I’m wondering now if this will be more and more a requirement for aspiring writers. To establish an Internet presence even before a first book is picked up. It’s a bit frightening, but all I can say is that I’m glad I’m already published.
To find a platform does not mean picking up an ill-fitting shoes. But to see what’s natural, comfortable, and appropriate for us and most importantly, the best for actual walking. At times we will have to change–the introvert will have to become slightly more extroverted, the computer averse will have to take a few classes.
For the examples mentioned here, there are probably as many writers who tell me that they had no platform in first getting published. But I predict that in order to stay in print, we will each have to find that natural platform to stand on.
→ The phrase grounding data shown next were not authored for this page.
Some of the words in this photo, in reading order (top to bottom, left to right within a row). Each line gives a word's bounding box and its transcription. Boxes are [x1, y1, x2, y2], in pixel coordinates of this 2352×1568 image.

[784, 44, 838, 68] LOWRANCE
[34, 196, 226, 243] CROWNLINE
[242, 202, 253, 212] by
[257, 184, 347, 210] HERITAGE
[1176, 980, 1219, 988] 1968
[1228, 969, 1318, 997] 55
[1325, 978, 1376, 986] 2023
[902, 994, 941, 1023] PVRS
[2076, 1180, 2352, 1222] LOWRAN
THREE WAYS TO GAIN A PLATFORM
1) Leave your house. Yep, get out the door, wear something nice, drag that comb through your hair, and go to that meeting, party, convention, etc. Sometimes you might even have to do a little hard labor for an organization, maybe even speak, lead, or lug boxes, but it’s a great to meet people and get out of your head.
2) Love your computer. Kiss it everyday and be thankful that it works. Do wonderful websites and blogs and hook up with others who are doing the same. Exchange e-mails with strangers and wonder what they really sound and look like.
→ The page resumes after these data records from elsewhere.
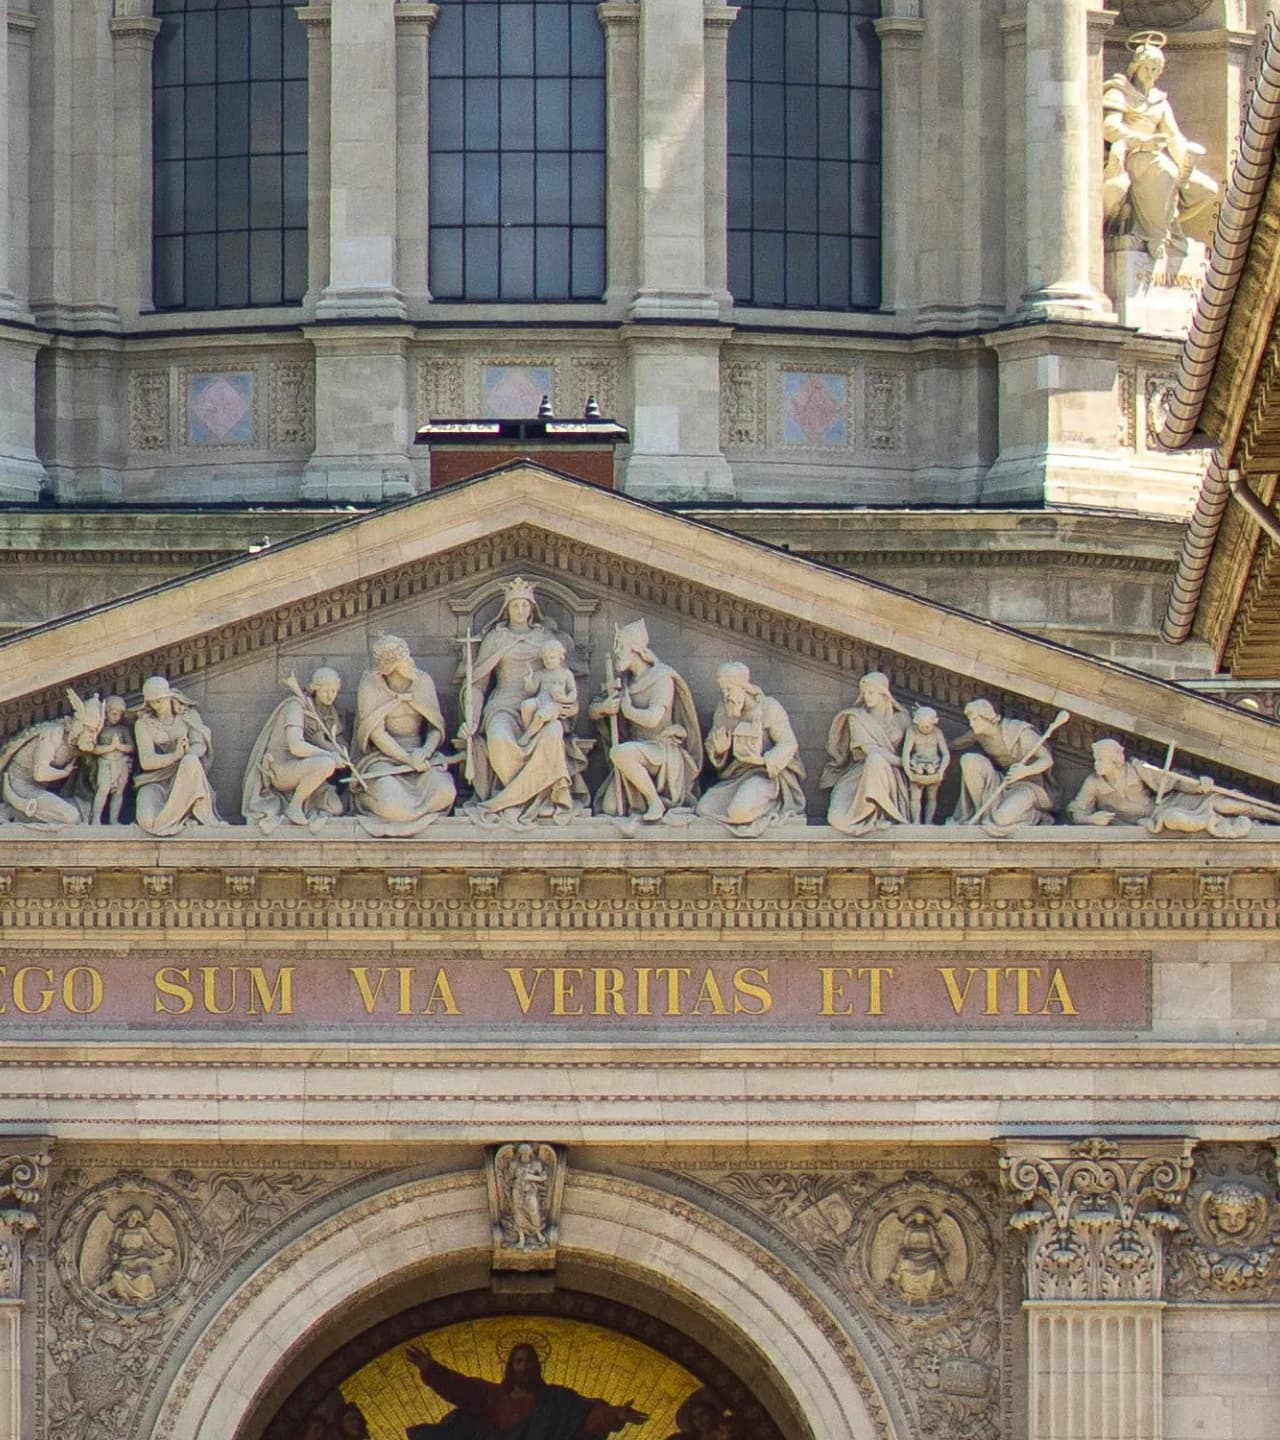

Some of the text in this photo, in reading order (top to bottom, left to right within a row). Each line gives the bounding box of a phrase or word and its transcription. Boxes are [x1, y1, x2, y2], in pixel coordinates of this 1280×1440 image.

[153, 965, 295, 1016] SUM
[350, 965, 461, 1016] VIA
[504, 965, 776, 1017] VERITAS
[819, 965, 896, 1016] ET
[937, 965, 1079, 1016] VITA
3) Write short. Write essays, write reviews, write short stories, write articles. Write things that are a thousand words or maybe two thousand words. Send them off to people that you’ve met via #1 and #2 and then go back to writing that darn book.
GUEST BLOGGER REVEALED: Well, Elaine Flinn’s knees and back thank you because no one guessed the identity of next week’s Wednesday guest blogger (I promised that Evil E would bow down to the one who guessed correctly). Well, next week’s Child of Woe will be none other than Gary Phillips, prolific writer of short stories, comic books, and the Ivan Monk and Martha Chainey mystery series. He also is on the board of Mystery Writers of America and will serve as the toastmaster of Left Coast Crime 2007 Seattle (note to self: turn in that registration).
Gary is featured on the cover of his MONKOLOGY short story collection as well as the dust jacket for a limited edition of George Pelecanos’ SOUL CIRCUS, the latter which unfortunately never made it to bookshelves. Both book projects were spearheaded by Dennis McMillan Publications.
Gary and I travel in some of the same circles in L.A. He’s a great writer, far out guy, and damn good looking to boot! If you haven’t seen Gary recently, that guy is cut (he claims having teens is a great weight-loss program). Have fun with him next week.
BLUE BELL BOLOGNA AND OTHER WEIRD SEARCH STRINGS: Had to mention a couple of really strange search strings (that is, what people googled, etc. to get on my website) that cropped up last week: blue bell bologna; hiroshima leather wallet; and the strangest, japanese dentures falling out video. What the heck is that? There’s a Japanese video of dentures falling out of someone’s mouth? Oh, I just googled–it is indeed a video, but it’s of a Korean man, most likely a politician. And I hate to admit it: it’s pretty funny.
MAS HITS WALL STREET: SNAKESKIN SHAMISEN, the third Mas Arai mystery, was reviewed in Saturday’s Wall Street Journal by Tom Nolan. Thank you, Mr. Nolan, for your continued interest in the series!
WEDNESDAY’S WORD: pikadon (SUMMER OF THE BIG BACHI, page 48)
Look carefully again–what do you see? How about pika? For those with children, does Pikachu ring a bell? Pikachu is, depending on your feelings about crass commercialism, an adorable yellow Pokemon creature with floppy ears or else related to the kid in the OMEN. At any rate, its name means "Electric Mouse" and I believe that it resides near a power plant, thus having some kind of post-nuclear connection to its ugly cousin Godzilla, a product of an explosion in the Marshall Islands. Anyway, pikadon, which literally means "bomb of light," refers to the atomic bomb. The people of Hiroshima also use the term genbaku.